■ WHAT THE TASK ASKS: Start at the line holding "this 1601×1092 image.". Write out that line and each one after it to the end of the data, unchanged.

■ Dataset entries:

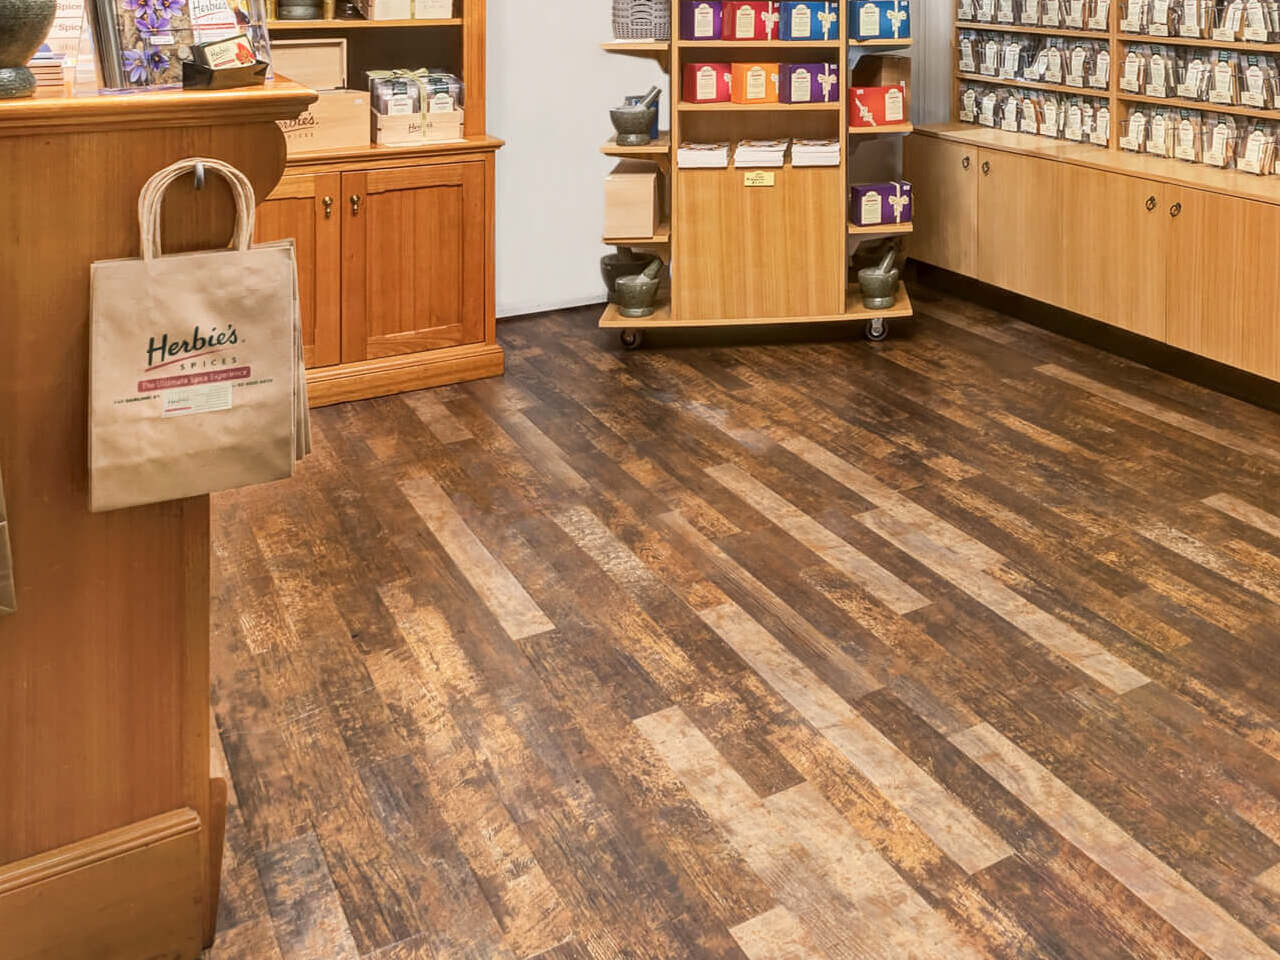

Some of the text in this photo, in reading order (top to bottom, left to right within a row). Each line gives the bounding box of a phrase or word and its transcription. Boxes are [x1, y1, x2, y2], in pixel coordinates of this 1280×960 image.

[146, 324, 239, 366] Herbie's
[179, 356, 238, 371] SPICES
[142, 380, 156, 390] The
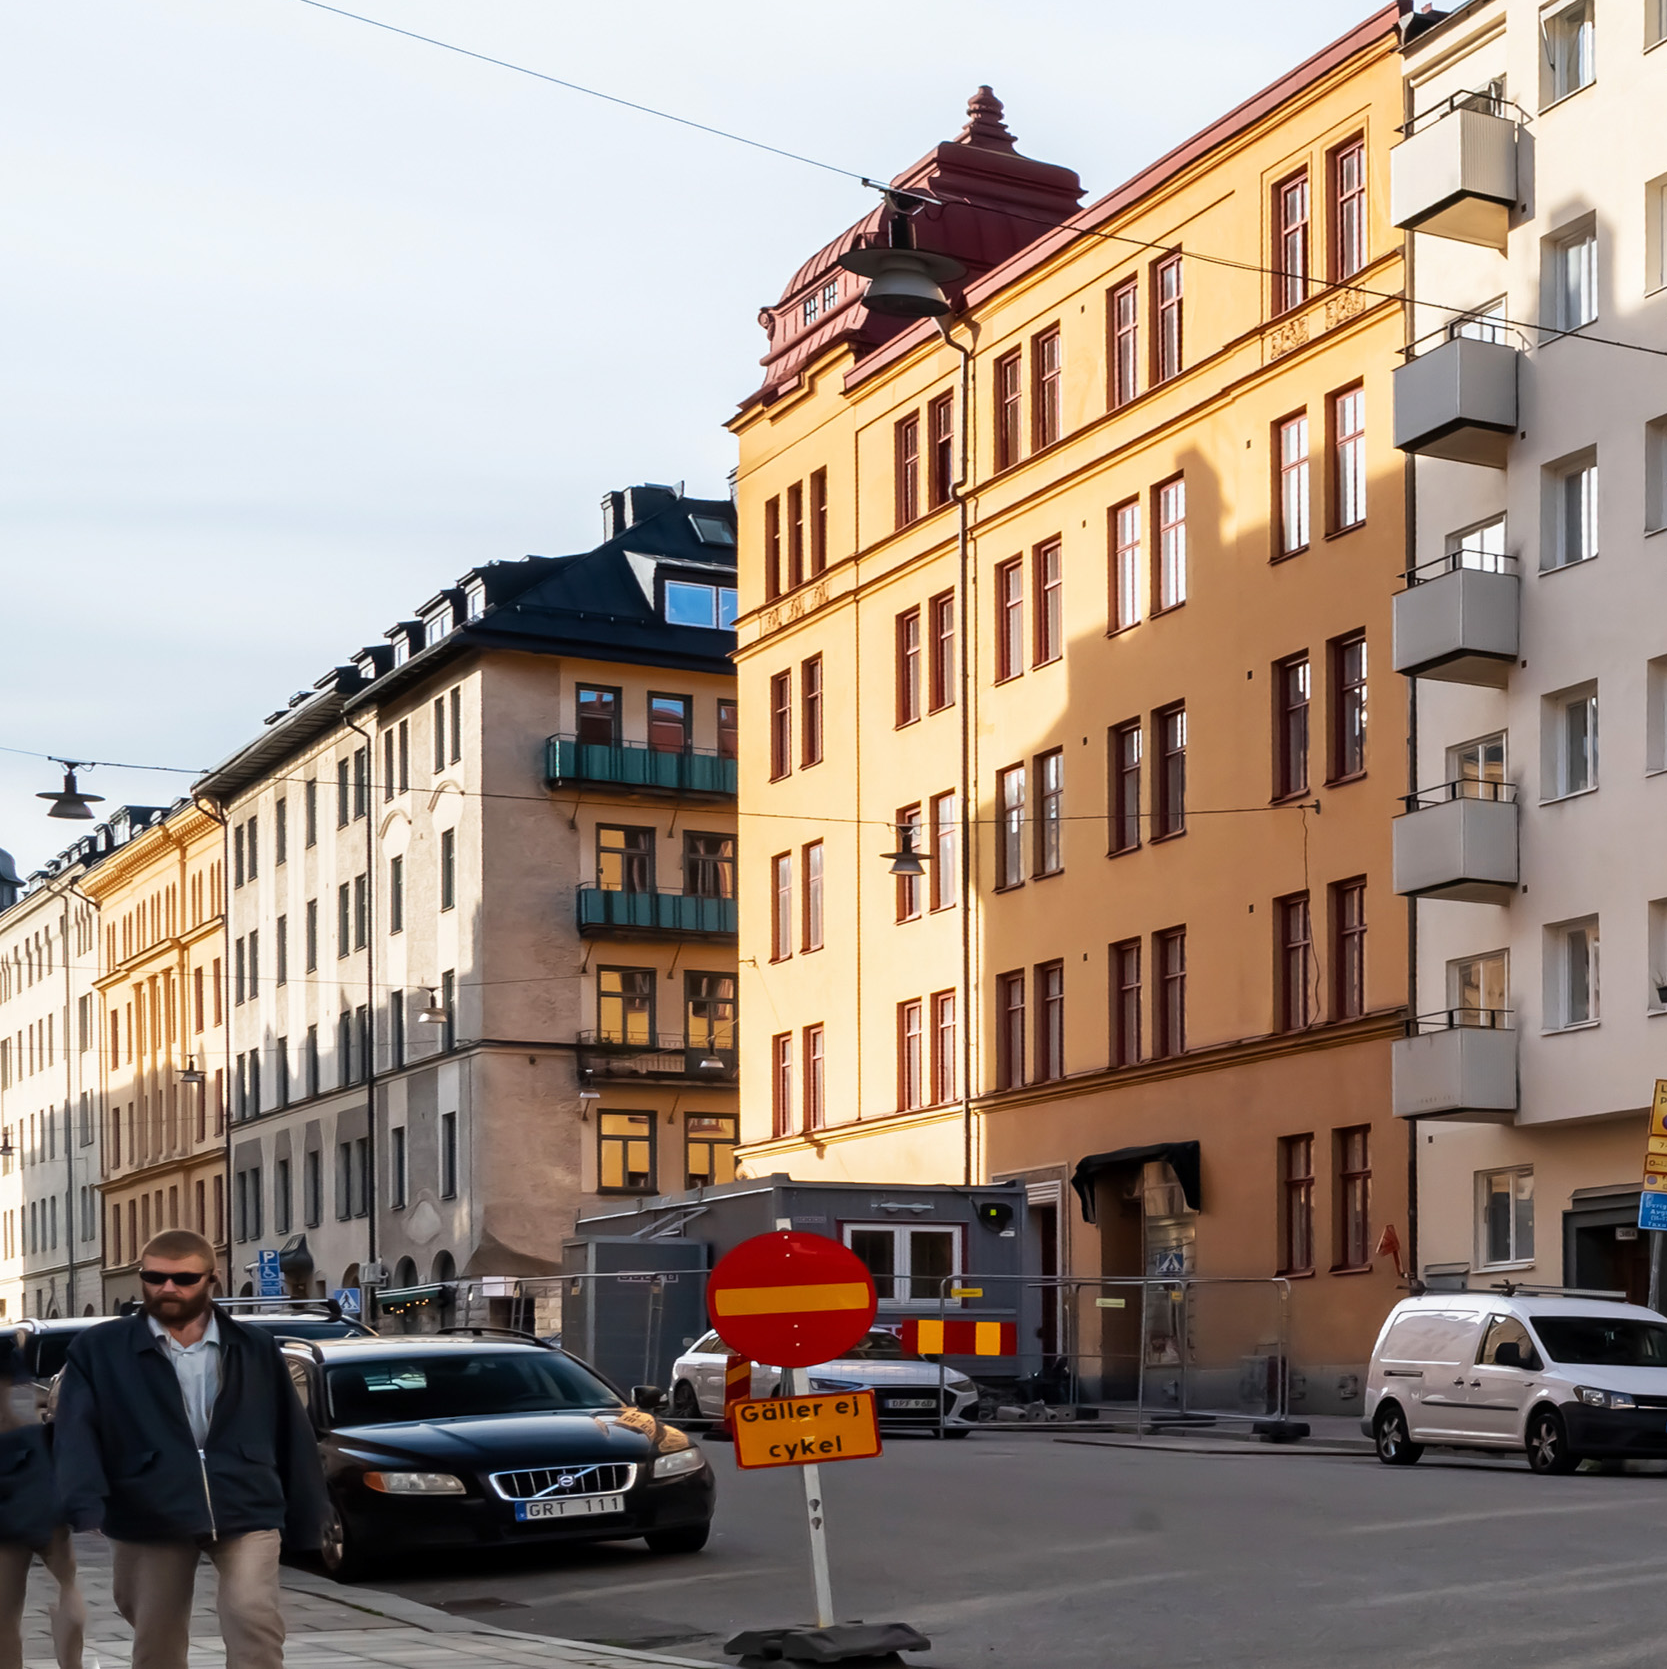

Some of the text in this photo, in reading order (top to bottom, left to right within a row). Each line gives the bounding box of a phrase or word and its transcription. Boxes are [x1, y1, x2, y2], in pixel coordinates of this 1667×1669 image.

[263, 1251, 275, 1263] P
[740, 1396, 859, 1423] Gäller ej
[769, 1435, 842, 1460] cykel
[529, 1497, 618, 1517] GRT 111
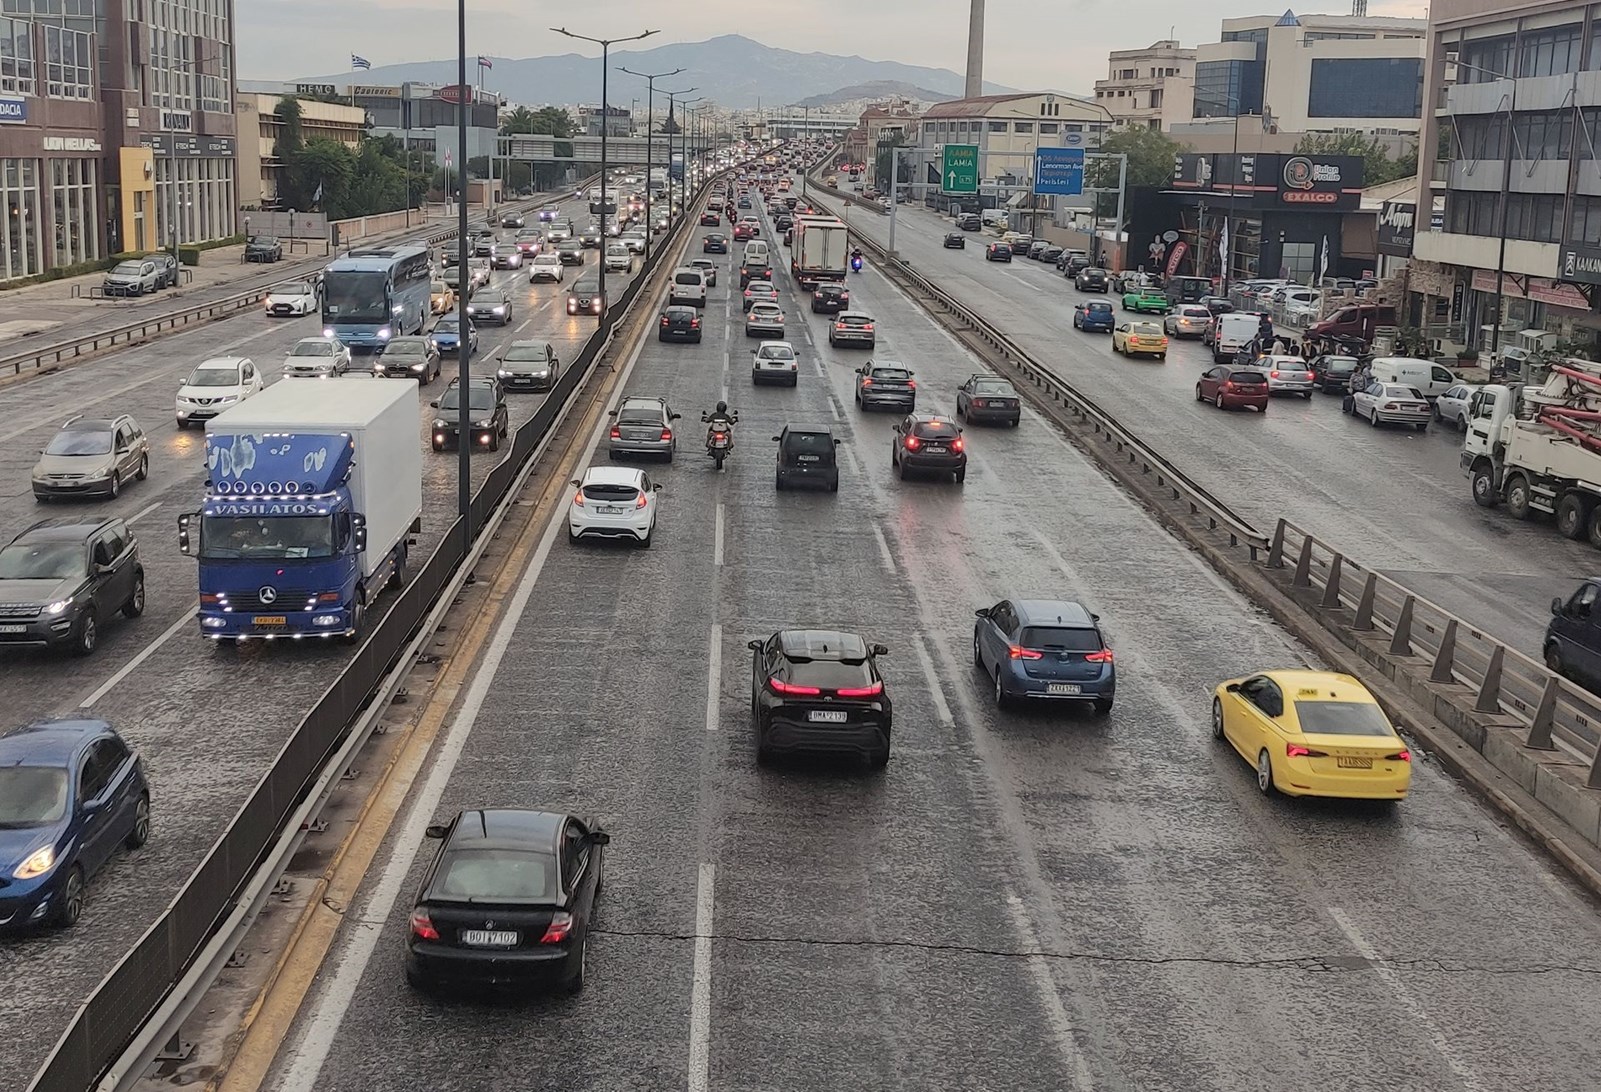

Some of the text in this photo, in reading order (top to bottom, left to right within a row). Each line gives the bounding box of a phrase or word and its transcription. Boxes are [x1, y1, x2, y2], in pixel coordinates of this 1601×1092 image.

[0, 103, 21, 116] DACIA
[948, 159, 973, 167] LAMIA
[1314, 165, 1339, 174] Union
[1313, 173, 1341, 181] Profile
[1287, 193, 1335, 202] EXALCO
[215, 504, 317, 515] VASILATOS

■ SOLUTION TO THIS PROBLEM:
Some of the text in this photo, in reading order (top to bottom, left to right within a row). Each line gives the bounding box of a phrase or word and its transcription. Boxes are [x1, y1, x2, y2], in pixel coordinates of this 1601×1092 image.

[0, 103, 21, 116] DACIA
[948, 159, 973, 167] LAMIA
[1314, 165, 1339, 174] Union
[1313, 173, 1341, 181] Profile
[1287, 193, 1335, 202] EXALCO
[215, 504, 317, 515] VASILATOS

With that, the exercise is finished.